Por: Maria Fernanda Ribeiro 20/05/2020 às 22:57

O canto de Rondinelle Lucio, 42 anos, foi o primeiro a se calar entre os indígenas da etnia Fulni-ô pela Covid-19. Depois dele, mais três mortes foram confirmadas, outras aguardam o resultado de exames e mais 25 estão contaminadas pela doença. Espremidos em uma pequena aldeia com sete mil moradores no município de Águas Belas, em Pernambuco, localizada a 273 quilômetros da capital Recife, eles temem pela extinção do seu povo e pedem ajuda. Faltam máscaras, testes, álcool em gel e se nada for feito também faltará comida.

Acostumados a viajar pelo país para vender artesanatos, a renda secou com a pandemia com todos fechados em casa. Um cocar foi leiloado pelas redes sociais para angariar algum dinheiro. Foram arrecadados R$ 2 mil e o valor foi revertido para a compra de cestas básicas, que foram distribuídas entre algumas famílias. Também tem chegado ajuda de fora, um dinheiro aqui, uma doação ali, mas nada que supra as necessidades de todas as famílias.

Ajuda do município, segundo os relatos, não tem. Mas tem muito preconceito dos não-indígenas e também tem a seca do Nordeste, que impede o plantio de alimentos. A chuva que há cerca de três semanas cai pela região traz um respiro de esperança e também um pouco de água para tomar banho e lavar as roupas e a louça que, sem a chuva, também não teria. Na aldeia há um posto de saúde pronto há meses, mas nunca foi inaugurado. Há a promessa da prefeitura de que será ainda neste mês.

“Estamos lutando contra a pandemia com a cara e com a coragem porque não temos estrutura nenhuma. Estamos ameaçados e fragilizados, mas somos um povo guerreiro, que sobrevive à seca do Nordeste há mais de cinco séculos, resistimos à cultura do homem branco, enfrentamos um período de seis anos sem chuva e ainda mantemos vivo nosso idioma”, afirma Patrícia Pontes Siqueira, 40 anos.

Boletim da Articulação dos Povos e Organizações Indígenas do Nordeste, Minas Gerais e Espírito Santo (Apoinme), mostra que em Pernambuco há seis óbitos entre indígenas registrados até o momento. Segundo Alexandre Pankararu, coordenador da Apoinme, o estado abrange 12 povos, divididos em 15 territórios e o epicentro está mesmo entre os Fulni-ô. Ele afirma que um recurso será disponibilizado para que possam comprar equipamentos de proteção e também cestas básicas, mas que eles precisam de mais, muito mais.

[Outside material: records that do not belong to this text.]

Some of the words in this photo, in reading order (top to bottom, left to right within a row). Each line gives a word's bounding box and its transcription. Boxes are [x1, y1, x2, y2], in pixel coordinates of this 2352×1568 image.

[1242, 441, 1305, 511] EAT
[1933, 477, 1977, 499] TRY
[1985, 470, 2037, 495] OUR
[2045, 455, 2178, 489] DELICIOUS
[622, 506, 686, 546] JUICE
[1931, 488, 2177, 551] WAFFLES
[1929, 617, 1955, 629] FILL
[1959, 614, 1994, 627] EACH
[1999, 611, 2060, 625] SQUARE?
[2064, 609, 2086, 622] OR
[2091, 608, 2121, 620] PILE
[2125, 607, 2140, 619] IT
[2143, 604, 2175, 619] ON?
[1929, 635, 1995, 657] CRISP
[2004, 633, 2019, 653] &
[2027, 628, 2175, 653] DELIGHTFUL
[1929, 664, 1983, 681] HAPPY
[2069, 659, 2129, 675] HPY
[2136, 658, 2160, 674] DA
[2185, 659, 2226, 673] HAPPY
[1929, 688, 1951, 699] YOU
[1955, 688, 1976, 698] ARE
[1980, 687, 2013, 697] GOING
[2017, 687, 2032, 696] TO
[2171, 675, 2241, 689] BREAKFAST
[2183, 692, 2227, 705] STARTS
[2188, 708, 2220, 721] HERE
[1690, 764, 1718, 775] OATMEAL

Língua materna e os mais velhos

Povo Fulni-ô no combate a Covid (Foto: Coletivo Thul’sê Audiovisual) (22)

Os Fulni-ô são o único grupo do Nordeste que conseguiu manter viva e ativa a língua materna, o Ia-tê, muito utilizada na comunicação dos mais velhos, a maior preocupação entre eles, não só por ser o grupo mais vulnerável como também porque perder um ancião é como se uma biblioteca inteira pegasse fogo. Em entrevista para a Amazônia Real, o ex-presidente da Funai (Fundação Nacional do Índio) Márcio Meira afirma que um ancião indígena que morre é uma perda para toda a humanidade, pois por se tratar de uma cultura oral vai com ele todo um conhecimento. A estimativa é de que a aldeia tenha uma média de 600 pessoas idosas.

A principal comunidade e onde está concentrada a maior parte da população fica a menos de um quilômetro da cidade de Águas Belas que, segundo o adiantamento do Censo do IBGE (Instituto Brasileiro de Geografia e Estatística) tem uma estimativa de 9.471 domicílios ocupados por indígenas em seis diferentes localidades. O primeiro caso registrado na cidade foi entre os Fulni-ô e, segundo Salma Juliana, 35, o preconceito não demorou a aparecer.

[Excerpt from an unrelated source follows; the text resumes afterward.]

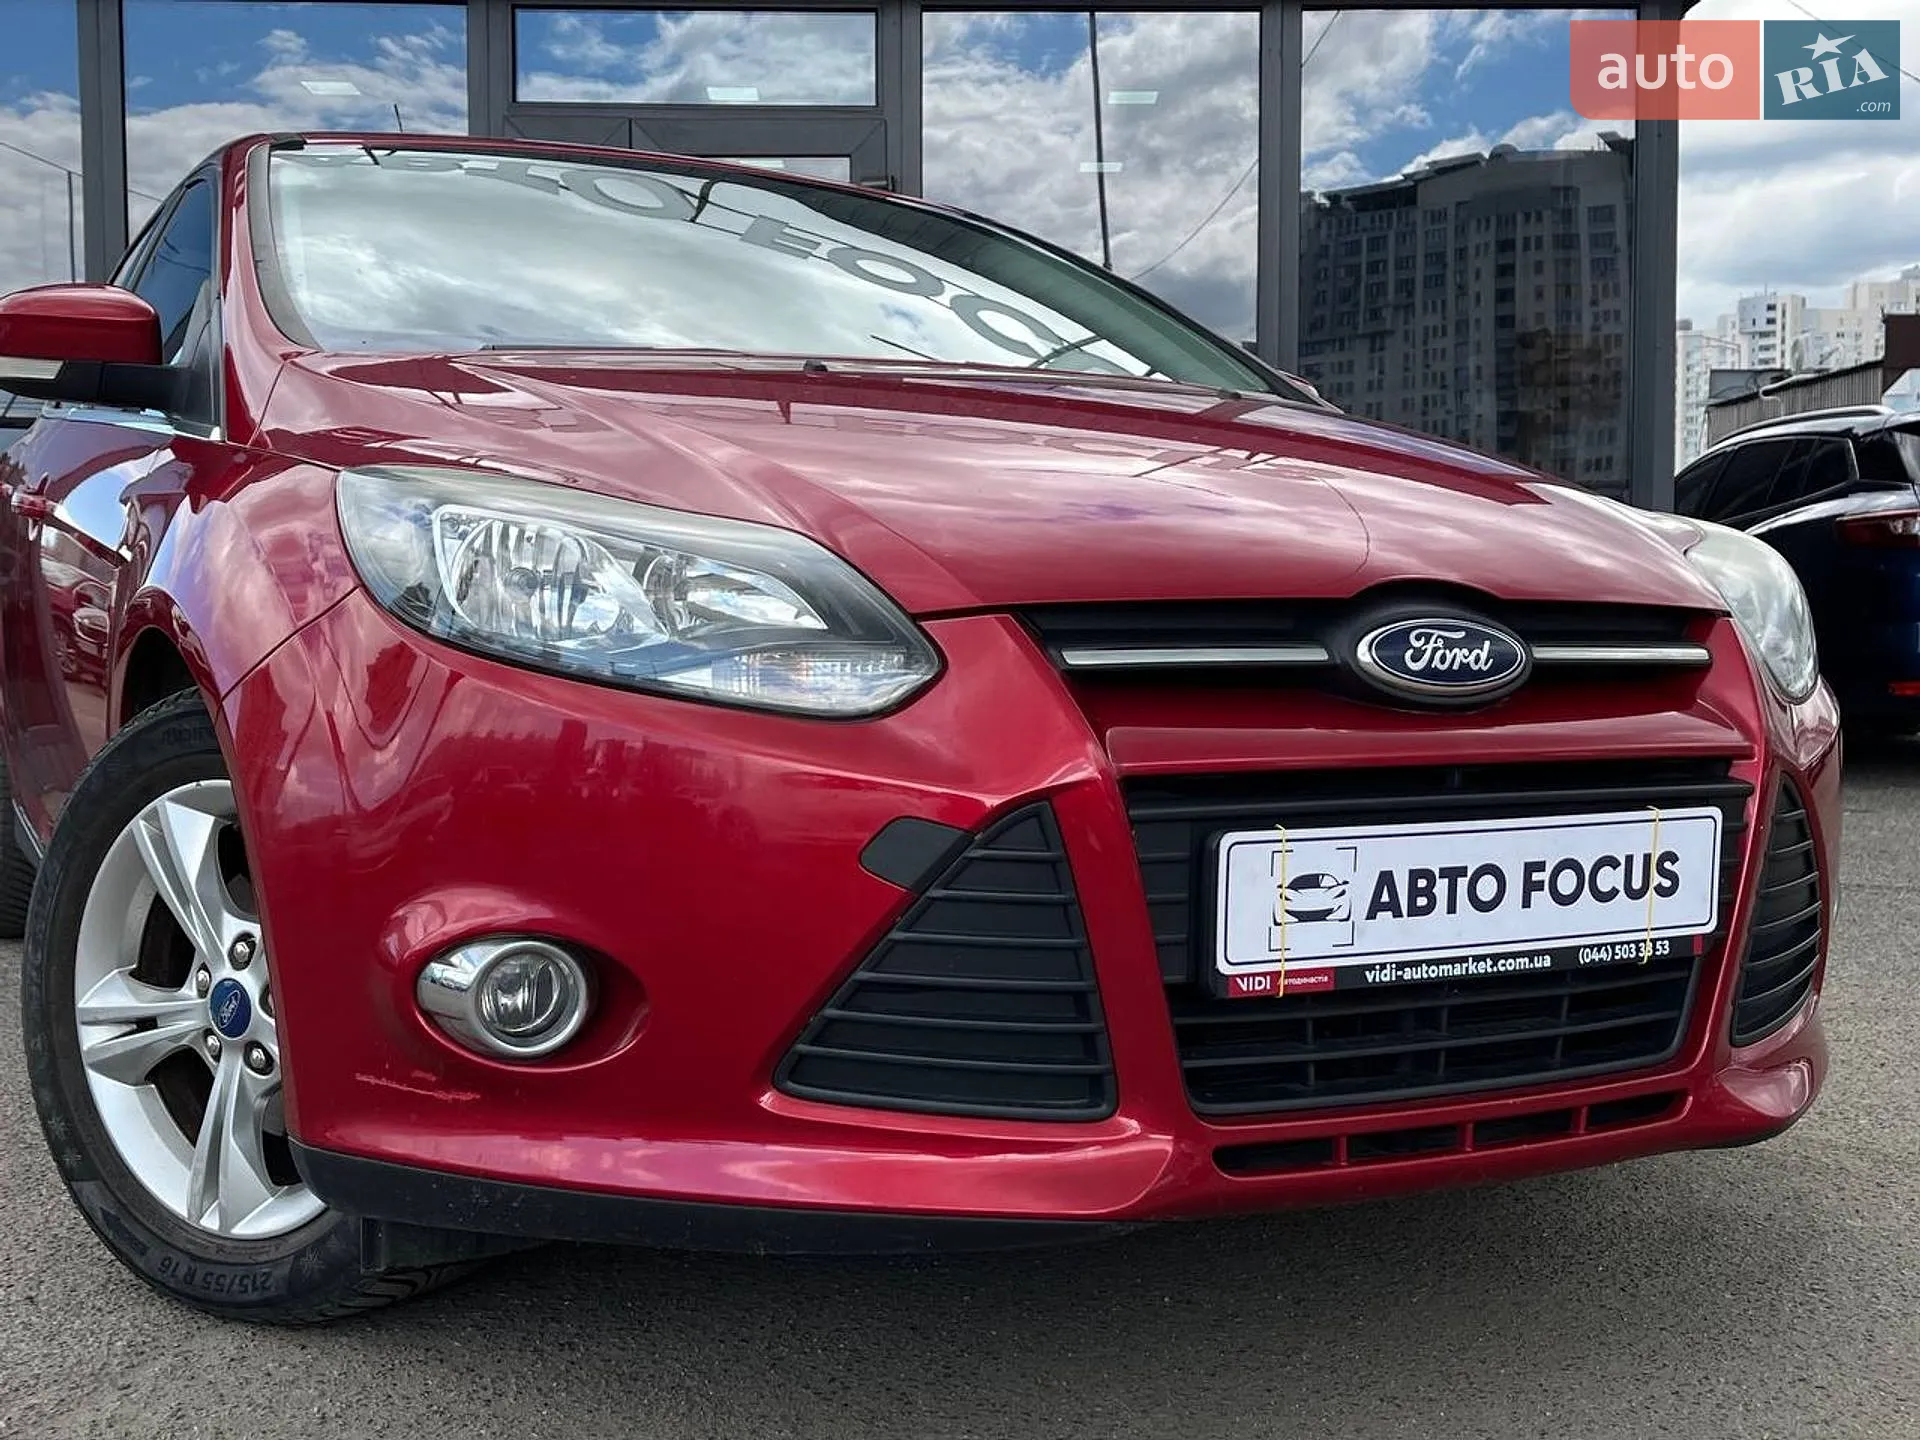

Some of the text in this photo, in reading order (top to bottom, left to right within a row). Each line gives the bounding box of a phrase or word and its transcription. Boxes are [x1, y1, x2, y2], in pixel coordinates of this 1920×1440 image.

“A população da cidade começou a dizer que tinham que construir uma barreira para impedir o nosso acesso até a cidade. Se as pessoas estudassem sobre os povos originários saberiam que nós, indígenas, somos os verdadeiros donos dessas terras”, disse Salma.

O município não tem um hospital de alta complexidade e para ter acesso à UTI e respiradores, os moradores são transferidos para Garanhuns, a 120 quilômetros. Rondinelle, por exemplo, morreu logo que deu entrada no hospital. Ele era artesão e morreu no dia 23 de abril, mas o resultado com o diagnóstico positivo para coronavírus foi divulgado pela Prefeitura de Águas Belas oito dias depois. De acordo com os relatos colhidos pela reportagem, chegou a ser anunciado na rádio da cidade de que a morte não tinha sido por coronavírus, o que fez com que muitos moradores da aldeia e até mesmo a família não tomasse as medidas necessárias para o isolamento. Alguns dias depois, veio a confirmação do teste positivo.

No site da Prefeitura de Águas Belas, um vídeo produzido antes da pandemia usa as imagens dos indígenas como uma das riquezas da cidade. Fotos e rituais culturais dos Fulni-ô aparecem durante os dois minutos do filme, junto com os atrativos naturais da região, como a Serra das Antas e os sítios arqueológicos.

“Isso é propaganda enganosa porque nada está sendo feito para preservar o nosso povo”, afirma Salma. “Não foi feito trabalho de prevenção e não há nenhuma ajuda do governo local. Mas a gente faz o que dá, de forma voluntária. A verdade é que existe um projeto de extermínio que começa lá de cima, com o presidente, mas eu não aceito e não vou aceitar que meu povo acabe assim”.

A reportagem da Amazônia Real não conseguiu contato com a Prefeitura de Águas Belas. De acordo com as informações do último boletim epidemiológico, são três óbitos registrados na cidade que, de acordo com o último Censo IBGE possui 43,4 mil pessoas. No perfil da prefeitura nas redes sociais, no dia 7 de maio, uma publicação informa a entrega de máscaras para a comunidade Fulni-ô e com informações de que esta teria sido a segunda ação realizada na aldeia na mesma semana.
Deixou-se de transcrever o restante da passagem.